En la película Man on the Moon de Miloš Forman, el genial Jim Carrey interpreta a un humorista todavía más grimoso que él, Andy Kaufman. Es un biopic agotador. Uno se pregunta cómo semejante personaje pudo lograr algún éxito profesional. Kaufman aparecía en el escenario y se quedaba callado, como si padeciera una timidez inmovilizadora y tuviera una albóndiga por cerebro. Su voz era fina, desagradable, temblorosa como sus gestos. Pero lo mejor de la película no es la película en sí, sino un documental, Jim y Andy (de Chris Smith), que muestra las entrañas del rodaje. Jim Carrey se metía tanto en el papel de Kaufman que no lo abandonaba nunca, ni cuando se gritaba "¡corten!" ni cuando salía del plató ni cuando entraba en su casa. Era Kaufman desde que abría los ojos por la mañana hasta que se acostaba por la noche, cada minuto del día, de una manera desquiciante, casi dolorosa para el espectador, sin perder esa voz, sin abandonar esos gestos, sin rebajar esa grima. Cuando el serio y solemne Forman, personificando al espectador desesperado, le suplica a Carrey que, por favor, deje un rato el personaje, Carrey responde más Kaufman que nunca, más irritante que nunca.
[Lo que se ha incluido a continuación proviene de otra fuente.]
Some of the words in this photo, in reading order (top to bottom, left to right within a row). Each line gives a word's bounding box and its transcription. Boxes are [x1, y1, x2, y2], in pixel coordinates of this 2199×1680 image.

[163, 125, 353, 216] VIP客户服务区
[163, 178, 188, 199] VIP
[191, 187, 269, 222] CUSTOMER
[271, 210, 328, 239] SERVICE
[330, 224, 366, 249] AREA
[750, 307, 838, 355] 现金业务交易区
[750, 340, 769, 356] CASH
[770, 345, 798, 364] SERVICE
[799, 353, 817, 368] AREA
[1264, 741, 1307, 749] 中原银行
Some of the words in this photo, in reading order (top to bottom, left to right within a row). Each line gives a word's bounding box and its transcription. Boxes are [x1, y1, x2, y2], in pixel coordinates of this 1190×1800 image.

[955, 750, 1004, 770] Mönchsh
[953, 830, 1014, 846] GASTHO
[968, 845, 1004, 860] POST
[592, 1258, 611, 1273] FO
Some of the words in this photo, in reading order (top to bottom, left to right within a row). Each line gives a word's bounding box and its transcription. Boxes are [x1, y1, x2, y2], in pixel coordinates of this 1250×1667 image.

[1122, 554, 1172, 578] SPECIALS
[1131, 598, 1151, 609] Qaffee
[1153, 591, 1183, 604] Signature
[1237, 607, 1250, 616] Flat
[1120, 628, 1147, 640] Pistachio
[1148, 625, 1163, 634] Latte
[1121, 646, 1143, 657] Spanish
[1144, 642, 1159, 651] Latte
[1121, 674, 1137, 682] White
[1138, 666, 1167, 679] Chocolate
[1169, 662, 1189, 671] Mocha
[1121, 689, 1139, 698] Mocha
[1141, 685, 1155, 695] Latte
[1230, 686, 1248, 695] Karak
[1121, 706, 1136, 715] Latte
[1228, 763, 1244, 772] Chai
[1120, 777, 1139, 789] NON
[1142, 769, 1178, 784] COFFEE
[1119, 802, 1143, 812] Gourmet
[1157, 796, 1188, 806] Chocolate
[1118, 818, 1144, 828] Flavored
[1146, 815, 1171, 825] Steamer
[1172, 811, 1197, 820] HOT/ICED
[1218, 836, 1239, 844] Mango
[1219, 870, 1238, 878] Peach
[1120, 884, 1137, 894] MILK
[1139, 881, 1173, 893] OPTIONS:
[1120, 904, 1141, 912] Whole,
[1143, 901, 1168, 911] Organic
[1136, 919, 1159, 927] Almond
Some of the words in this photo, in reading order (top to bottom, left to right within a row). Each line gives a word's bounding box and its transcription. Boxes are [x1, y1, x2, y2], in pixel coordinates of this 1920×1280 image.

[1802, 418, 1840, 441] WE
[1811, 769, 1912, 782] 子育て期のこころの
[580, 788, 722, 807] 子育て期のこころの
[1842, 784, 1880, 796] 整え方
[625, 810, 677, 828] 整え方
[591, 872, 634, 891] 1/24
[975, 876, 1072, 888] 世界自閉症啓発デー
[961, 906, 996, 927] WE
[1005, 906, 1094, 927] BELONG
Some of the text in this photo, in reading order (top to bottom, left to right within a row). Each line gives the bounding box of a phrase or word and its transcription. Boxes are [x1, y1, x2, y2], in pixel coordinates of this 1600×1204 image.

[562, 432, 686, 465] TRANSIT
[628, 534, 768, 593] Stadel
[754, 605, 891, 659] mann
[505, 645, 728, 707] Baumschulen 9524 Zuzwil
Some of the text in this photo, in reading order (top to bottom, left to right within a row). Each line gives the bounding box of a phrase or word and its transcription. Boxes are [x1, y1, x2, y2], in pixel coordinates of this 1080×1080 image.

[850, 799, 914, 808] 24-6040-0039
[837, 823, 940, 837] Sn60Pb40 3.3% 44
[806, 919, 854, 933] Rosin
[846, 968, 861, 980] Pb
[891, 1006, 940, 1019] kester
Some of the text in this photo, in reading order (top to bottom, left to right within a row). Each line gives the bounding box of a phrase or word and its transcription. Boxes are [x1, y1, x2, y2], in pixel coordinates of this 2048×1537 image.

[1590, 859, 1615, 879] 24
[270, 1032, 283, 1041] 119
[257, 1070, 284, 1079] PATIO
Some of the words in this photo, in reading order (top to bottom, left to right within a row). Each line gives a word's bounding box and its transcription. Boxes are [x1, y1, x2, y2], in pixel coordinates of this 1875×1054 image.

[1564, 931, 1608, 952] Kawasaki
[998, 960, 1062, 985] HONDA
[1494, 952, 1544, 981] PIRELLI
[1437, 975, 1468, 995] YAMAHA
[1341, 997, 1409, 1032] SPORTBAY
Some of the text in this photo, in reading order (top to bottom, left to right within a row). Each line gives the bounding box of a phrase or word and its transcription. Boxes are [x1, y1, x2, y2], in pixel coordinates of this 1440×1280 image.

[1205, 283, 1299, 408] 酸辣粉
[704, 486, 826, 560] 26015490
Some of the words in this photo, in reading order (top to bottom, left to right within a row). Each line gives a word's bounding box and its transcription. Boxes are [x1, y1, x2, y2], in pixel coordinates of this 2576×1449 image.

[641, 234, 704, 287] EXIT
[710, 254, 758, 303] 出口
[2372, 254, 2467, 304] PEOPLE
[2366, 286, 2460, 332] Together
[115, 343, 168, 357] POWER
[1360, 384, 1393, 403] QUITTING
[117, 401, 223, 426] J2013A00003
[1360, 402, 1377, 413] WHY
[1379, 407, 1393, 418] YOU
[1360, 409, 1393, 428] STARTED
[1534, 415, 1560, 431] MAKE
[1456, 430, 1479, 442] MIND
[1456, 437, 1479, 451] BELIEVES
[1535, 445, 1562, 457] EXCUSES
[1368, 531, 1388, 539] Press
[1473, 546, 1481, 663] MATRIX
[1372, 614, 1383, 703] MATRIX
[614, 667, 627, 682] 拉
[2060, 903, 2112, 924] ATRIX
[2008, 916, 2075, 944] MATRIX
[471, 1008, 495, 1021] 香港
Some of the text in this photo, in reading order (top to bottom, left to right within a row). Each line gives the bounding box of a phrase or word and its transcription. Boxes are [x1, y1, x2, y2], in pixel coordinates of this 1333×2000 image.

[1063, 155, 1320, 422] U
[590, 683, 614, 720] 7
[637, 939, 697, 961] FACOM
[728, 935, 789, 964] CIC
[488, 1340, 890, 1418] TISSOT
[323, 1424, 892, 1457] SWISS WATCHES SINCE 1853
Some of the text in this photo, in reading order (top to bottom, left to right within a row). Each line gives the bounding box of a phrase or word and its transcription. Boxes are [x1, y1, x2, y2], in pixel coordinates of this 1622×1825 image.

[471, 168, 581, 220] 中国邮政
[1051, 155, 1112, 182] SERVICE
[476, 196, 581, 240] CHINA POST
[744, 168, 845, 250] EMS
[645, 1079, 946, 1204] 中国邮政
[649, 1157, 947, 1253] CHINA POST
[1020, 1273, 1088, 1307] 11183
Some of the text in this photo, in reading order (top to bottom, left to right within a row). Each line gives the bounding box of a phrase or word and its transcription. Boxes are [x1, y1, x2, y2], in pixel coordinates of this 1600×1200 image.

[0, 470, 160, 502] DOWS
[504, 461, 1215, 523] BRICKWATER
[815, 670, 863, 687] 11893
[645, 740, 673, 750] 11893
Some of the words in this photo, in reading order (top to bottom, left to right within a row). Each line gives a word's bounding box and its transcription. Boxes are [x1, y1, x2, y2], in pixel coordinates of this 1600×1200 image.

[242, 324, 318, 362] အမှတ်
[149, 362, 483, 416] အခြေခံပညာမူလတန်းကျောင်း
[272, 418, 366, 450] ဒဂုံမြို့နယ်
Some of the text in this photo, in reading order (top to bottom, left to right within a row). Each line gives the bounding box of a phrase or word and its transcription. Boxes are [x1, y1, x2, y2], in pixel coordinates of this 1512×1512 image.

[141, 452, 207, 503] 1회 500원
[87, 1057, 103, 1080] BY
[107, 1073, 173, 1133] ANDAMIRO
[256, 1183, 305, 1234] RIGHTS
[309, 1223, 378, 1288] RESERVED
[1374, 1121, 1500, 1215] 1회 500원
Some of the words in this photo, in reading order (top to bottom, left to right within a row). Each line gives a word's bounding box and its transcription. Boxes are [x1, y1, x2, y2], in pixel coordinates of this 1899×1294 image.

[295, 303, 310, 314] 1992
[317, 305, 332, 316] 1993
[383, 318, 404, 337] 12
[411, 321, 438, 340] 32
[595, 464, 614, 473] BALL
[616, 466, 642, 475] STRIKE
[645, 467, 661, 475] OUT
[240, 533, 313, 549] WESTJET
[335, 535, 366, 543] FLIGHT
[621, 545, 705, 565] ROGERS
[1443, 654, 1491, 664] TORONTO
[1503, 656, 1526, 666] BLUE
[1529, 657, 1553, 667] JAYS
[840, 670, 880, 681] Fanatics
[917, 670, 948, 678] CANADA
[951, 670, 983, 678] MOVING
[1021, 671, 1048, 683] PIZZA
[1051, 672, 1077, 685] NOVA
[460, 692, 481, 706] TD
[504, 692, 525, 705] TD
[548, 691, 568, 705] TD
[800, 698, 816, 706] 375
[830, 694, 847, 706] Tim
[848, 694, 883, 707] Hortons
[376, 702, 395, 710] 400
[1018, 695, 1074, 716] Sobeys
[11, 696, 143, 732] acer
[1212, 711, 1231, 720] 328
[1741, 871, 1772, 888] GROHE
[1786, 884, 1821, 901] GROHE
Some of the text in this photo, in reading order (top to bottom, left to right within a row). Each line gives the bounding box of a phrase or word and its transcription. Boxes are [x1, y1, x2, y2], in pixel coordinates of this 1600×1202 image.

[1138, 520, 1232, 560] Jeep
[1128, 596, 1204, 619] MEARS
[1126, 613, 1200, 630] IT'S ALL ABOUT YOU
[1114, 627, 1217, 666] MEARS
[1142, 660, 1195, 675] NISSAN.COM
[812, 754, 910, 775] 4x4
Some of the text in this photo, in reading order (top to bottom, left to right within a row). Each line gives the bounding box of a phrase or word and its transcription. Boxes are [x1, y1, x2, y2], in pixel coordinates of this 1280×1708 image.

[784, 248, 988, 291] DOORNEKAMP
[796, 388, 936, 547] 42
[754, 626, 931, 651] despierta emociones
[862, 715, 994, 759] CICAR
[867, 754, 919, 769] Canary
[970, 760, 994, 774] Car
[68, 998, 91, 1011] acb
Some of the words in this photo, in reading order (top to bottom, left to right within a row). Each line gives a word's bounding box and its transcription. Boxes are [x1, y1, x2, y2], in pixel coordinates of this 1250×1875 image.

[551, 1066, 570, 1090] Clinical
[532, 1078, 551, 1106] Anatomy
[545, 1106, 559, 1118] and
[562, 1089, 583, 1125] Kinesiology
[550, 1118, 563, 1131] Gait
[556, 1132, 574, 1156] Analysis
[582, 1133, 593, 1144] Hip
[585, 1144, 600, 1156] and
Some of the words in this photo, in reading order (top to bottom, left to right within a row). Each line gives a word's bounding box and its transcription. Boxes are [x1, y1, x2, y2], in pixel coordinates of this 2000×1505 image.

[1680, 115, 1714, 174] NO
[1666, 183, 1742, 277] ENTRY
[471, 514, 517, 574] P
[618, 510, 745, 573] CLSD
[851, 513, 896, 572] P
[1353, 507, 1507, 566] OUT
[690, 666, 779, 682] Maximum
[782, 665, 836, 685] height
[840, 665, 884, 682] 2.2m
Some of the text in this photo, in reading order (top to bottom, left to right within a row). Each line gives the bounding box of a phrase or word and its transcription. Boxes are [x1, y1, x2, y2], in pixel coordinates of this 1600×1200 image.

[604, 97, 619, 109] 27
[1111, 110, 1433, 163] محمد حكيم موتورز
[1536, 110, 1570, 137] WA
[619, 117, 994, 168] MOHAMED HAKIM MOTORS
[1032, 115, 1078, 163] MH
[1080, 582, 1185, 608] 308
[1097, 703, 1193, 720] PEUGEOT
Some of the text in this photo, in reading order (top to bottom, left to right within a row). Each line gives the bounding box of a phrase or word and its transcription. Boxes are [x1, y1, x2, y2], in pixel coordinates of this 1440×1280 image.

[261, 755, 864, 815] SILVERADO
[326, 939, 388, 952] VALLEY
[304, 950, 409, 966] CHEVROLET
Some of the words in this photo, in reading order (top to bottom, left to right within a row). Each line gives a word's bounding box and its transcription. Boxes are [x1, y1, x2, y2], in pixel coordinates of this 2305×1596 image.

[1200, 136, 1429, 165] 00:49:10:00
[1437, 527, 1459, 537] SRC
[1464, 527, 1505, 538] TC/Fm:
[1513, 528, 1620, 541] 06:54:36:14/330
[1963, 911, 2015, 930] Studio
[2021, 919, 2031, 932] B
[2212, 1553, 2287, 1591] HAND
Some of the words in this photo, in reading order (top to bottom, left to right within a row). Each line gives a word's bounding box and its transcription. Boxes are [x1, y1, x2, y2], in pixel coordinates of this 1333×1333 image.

Como Carrey, Sánchez y Feijóo son actores que se han enamorado de su personaje. Ha tomado el control completo de sus vidas. Deberían salirse un poco de él, descansar de un enfrentamiento que es necesario en democracia, pero que empieza a ser excesivo y grotesco, y probar otros papeles capaces de consensuar las casi imposibles mayorías que exige la Constitución para mejorar nuestra democracia (la igualdad del hombre y la mujer en la sucesión a la Corona, por ejemplo). Para mí, una reforma urgente —y utópica, soy consciente— sería proporcionar a los parlamentarios mayor autonomía decisoria, poder político real, de manera que sus votos e intervenciones en Cortes no dependieran tanto de las órdenes del partido como de su conciencia ideológica y personal. Y que el elector de su circunscripción juzgara. Pero soy consciente de la fuerza seductora del bipartidismo para sus beneficiarios.

Entonces, les pediría que la puesta en escena fuera más honesta y ahorrativa. En el Congreso existe un órgano muy socorrido, llamado Junta de Portavoces, que asiste a la presidencia en la toma de decisiones. La constituyen los portavoces de los distintos grupos parlamentarios y funciona por voto ponderado; es decir, el voto de cada portavoz vale tanto como el porcentaje de escaños de su grupo. Hoy en día, nos bastaría con una buena Junta de Portavoces, en vez del Pleno del Congreso, para que nuestros líderes pudieran seguir dando vida a sus excepcionales interpretaciones de ira y desprecio, pero sin tanto figurante innecesario. Es cierto que se quedarían sin los aplausos del hemiciclo, pero en esta era tecnológica siempre se pueden poner enlatados.